### [Try it]
Pictures stay out of the copy. Transcribe exactly, and only, the line with "this 2010×1130 image." through the last line of the entries below.

*** Exercise input Section Begins ***

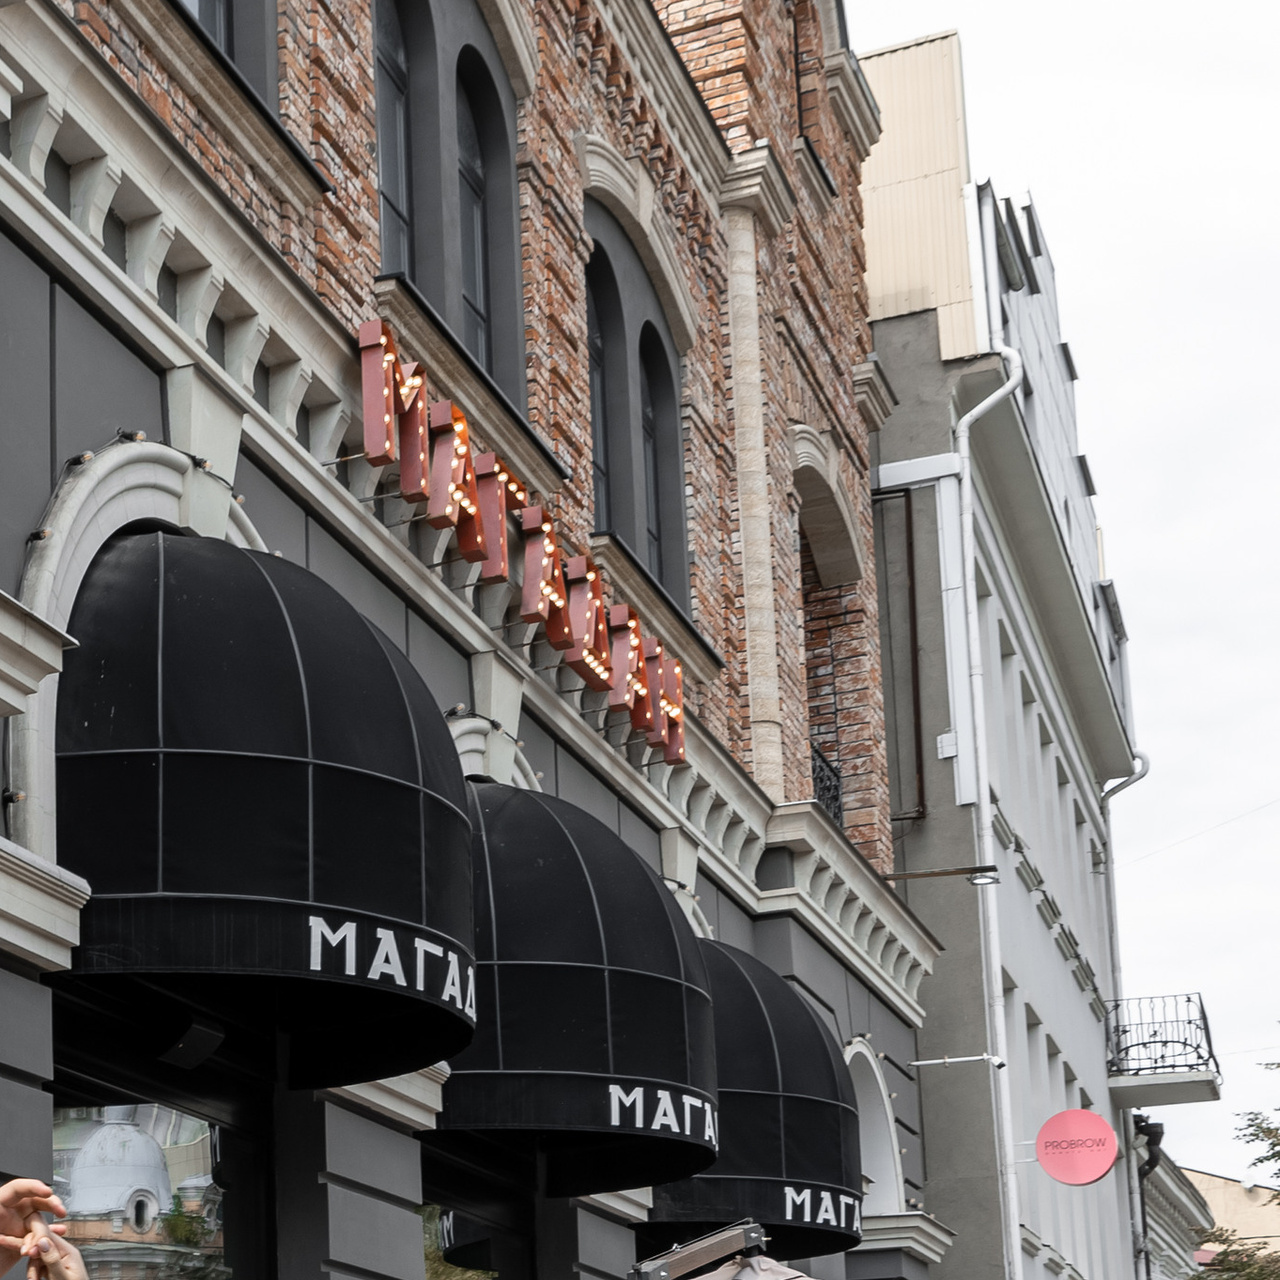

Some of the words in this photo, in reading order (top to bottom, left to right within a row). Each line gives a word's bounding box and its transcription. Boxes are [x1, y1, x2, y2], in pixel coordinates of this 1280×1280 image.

[358, 318, 686, 766] МАГАДАН
[1044, 1137, 1107, 1150] PROBROW
[783, 1186, 863, 1237] МАГА
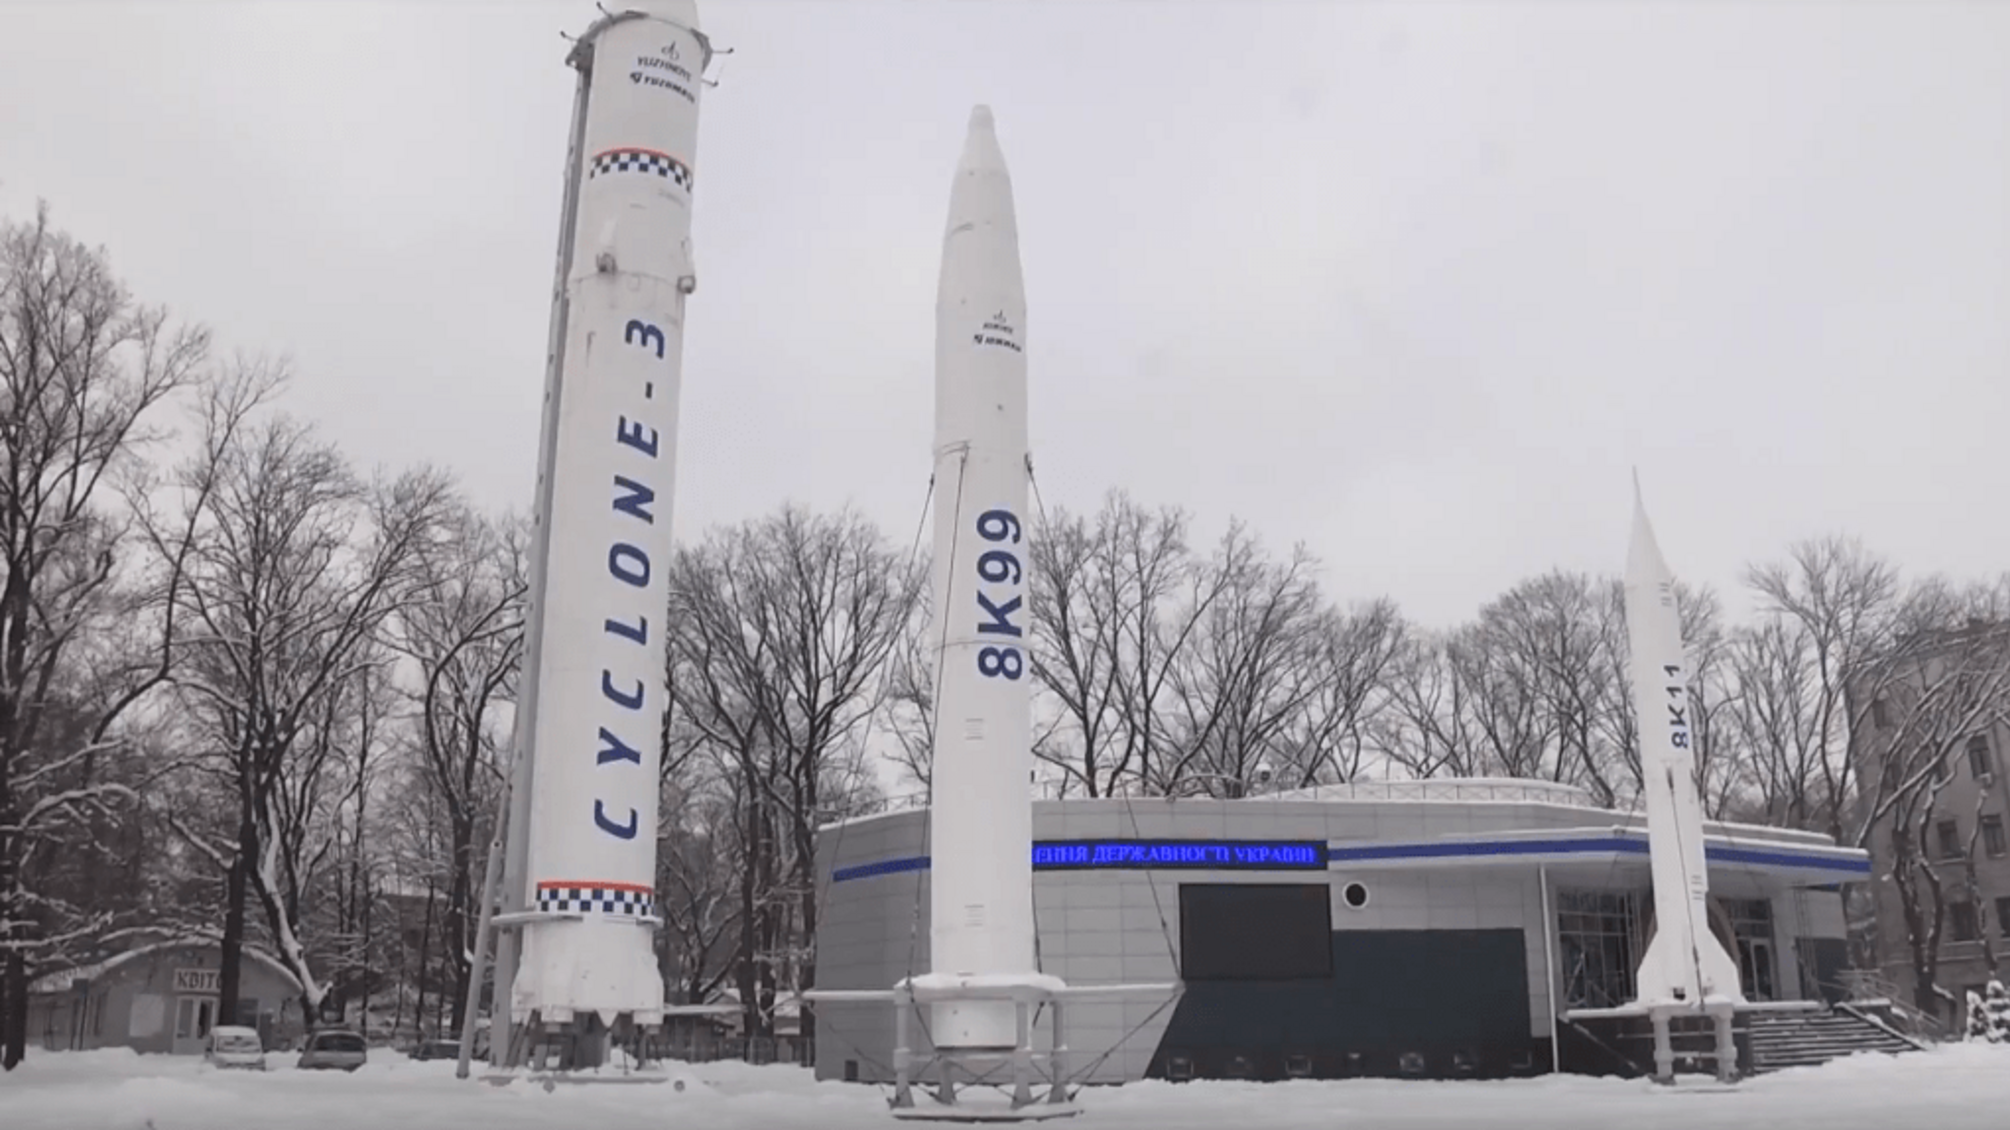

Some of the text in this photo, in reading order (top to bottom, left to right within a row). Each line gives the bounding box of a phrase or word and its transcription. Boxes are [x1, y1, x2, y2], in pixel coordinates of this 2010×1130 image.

[594, 319, 666, 840] CYCLONE-3
[976, 509, 1023, 681] 8K99
[1663, 664, 1688, 749] 8K11
[1032, 846, 1087, 862] ЕННЯ
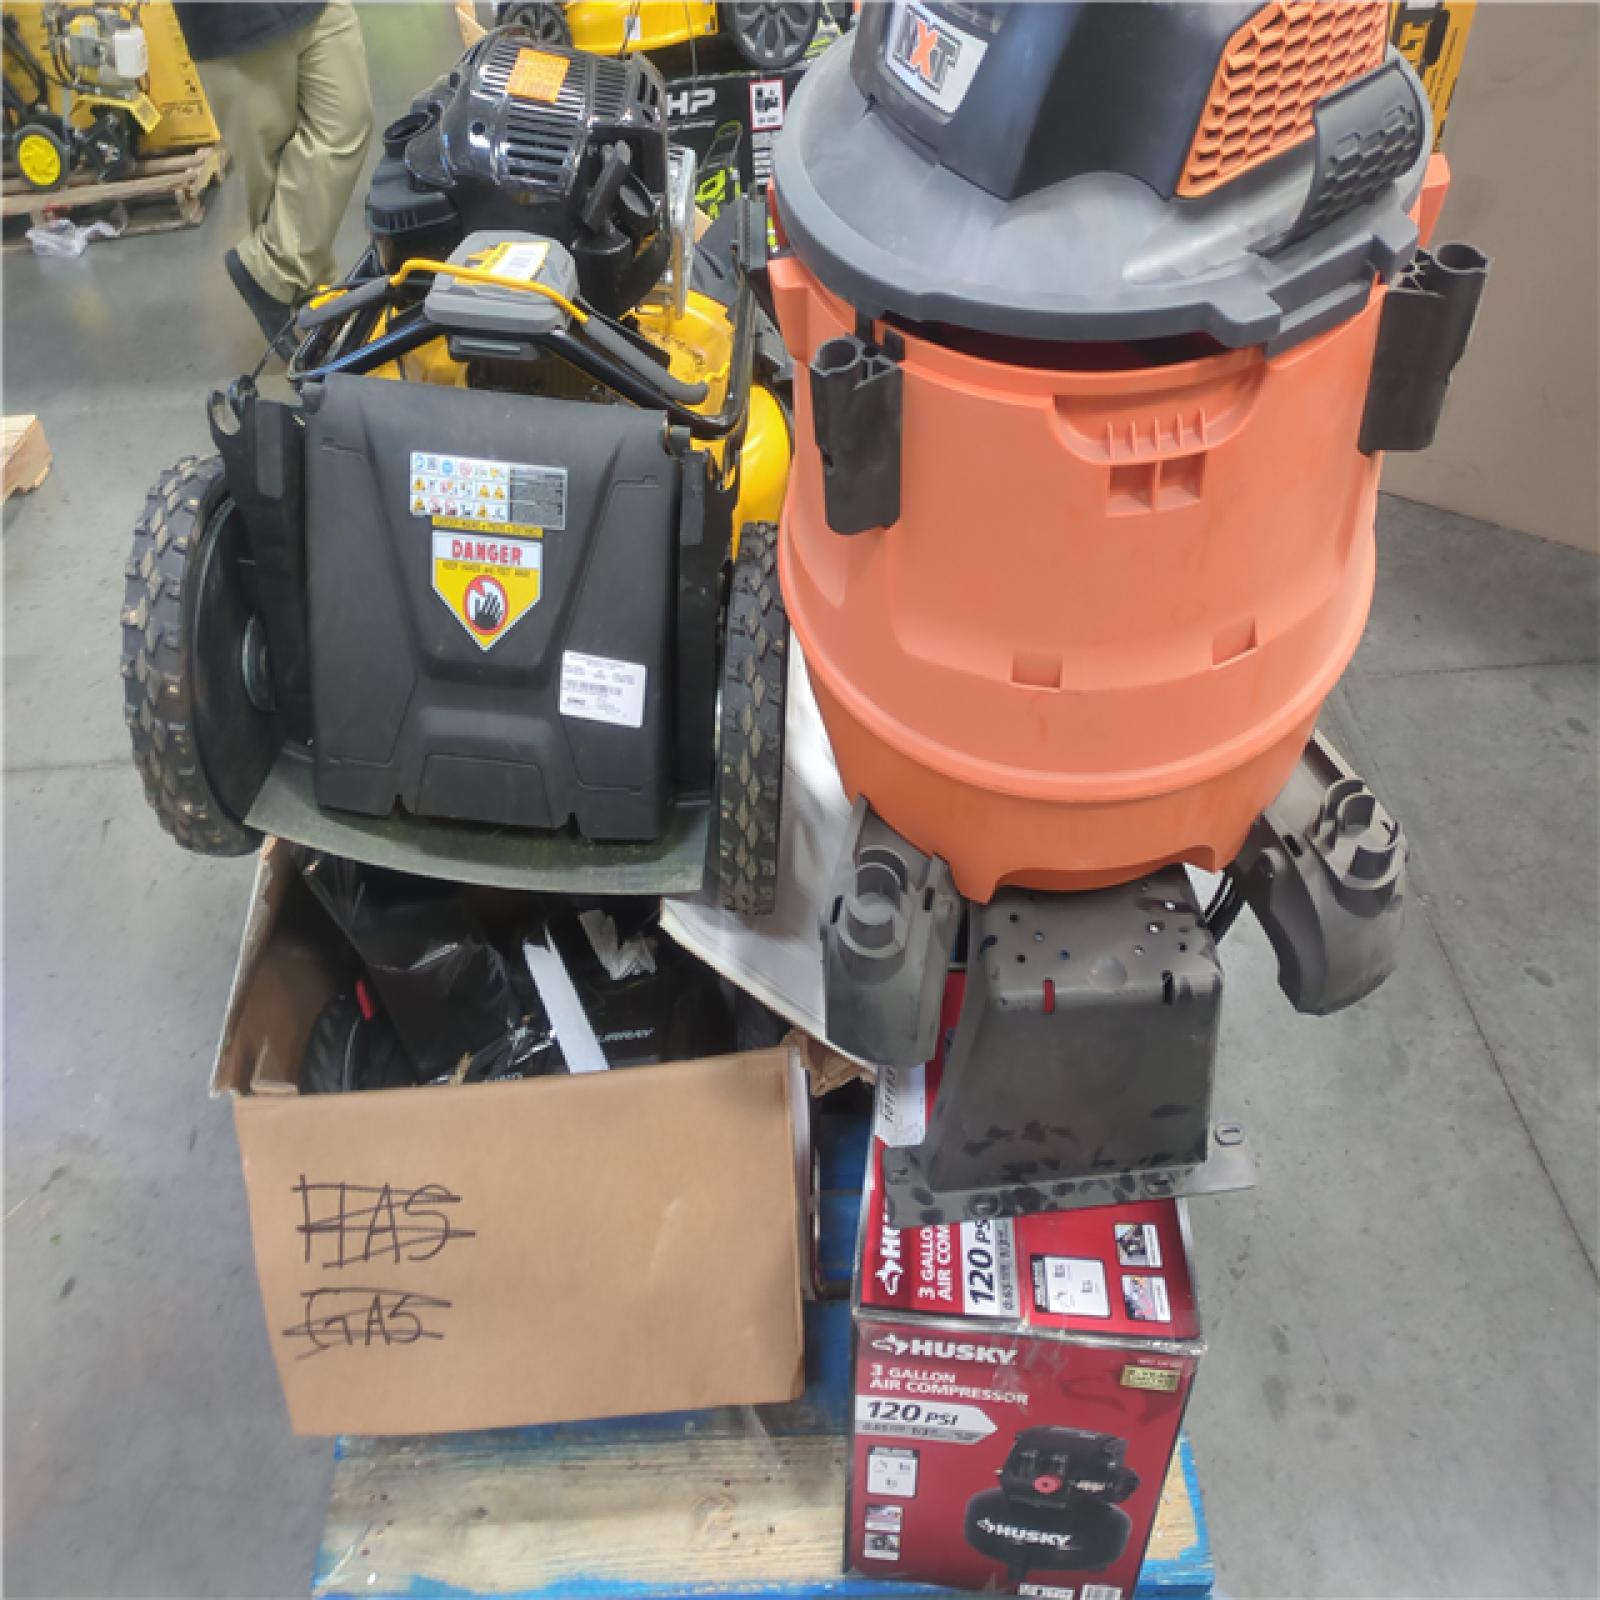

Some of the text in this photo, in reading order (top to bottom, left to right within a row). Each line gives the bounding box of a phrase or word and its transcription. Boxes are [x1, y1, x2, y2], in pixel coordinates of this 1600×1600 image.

*** Exercise input Section Ends ***

### [Output below]
Some of the text in this photo, in reading order (top to bottom, left to right within a row). Each line gives the bounding box of a phrase or word and its transcription. Boxes are [x1, y1, x2, y2], in pixel coordinates of this 2010×1130 image.

[594, 319, 666, 840] CYCLONE-3
[976, 509, 1023, 681] 8K99
[1663, 664, 1688, 749] 8K11
[1032, 846, 1087, 862] ЕННЯ

Some of the text in this photo, in reading order (top to bottom, left to right within a row). Each line gives the bounding box of a phrase or word and its transcription. Boxes are [x1, y1, x2, y2], in pixel coordinates of this 1600×1600 image.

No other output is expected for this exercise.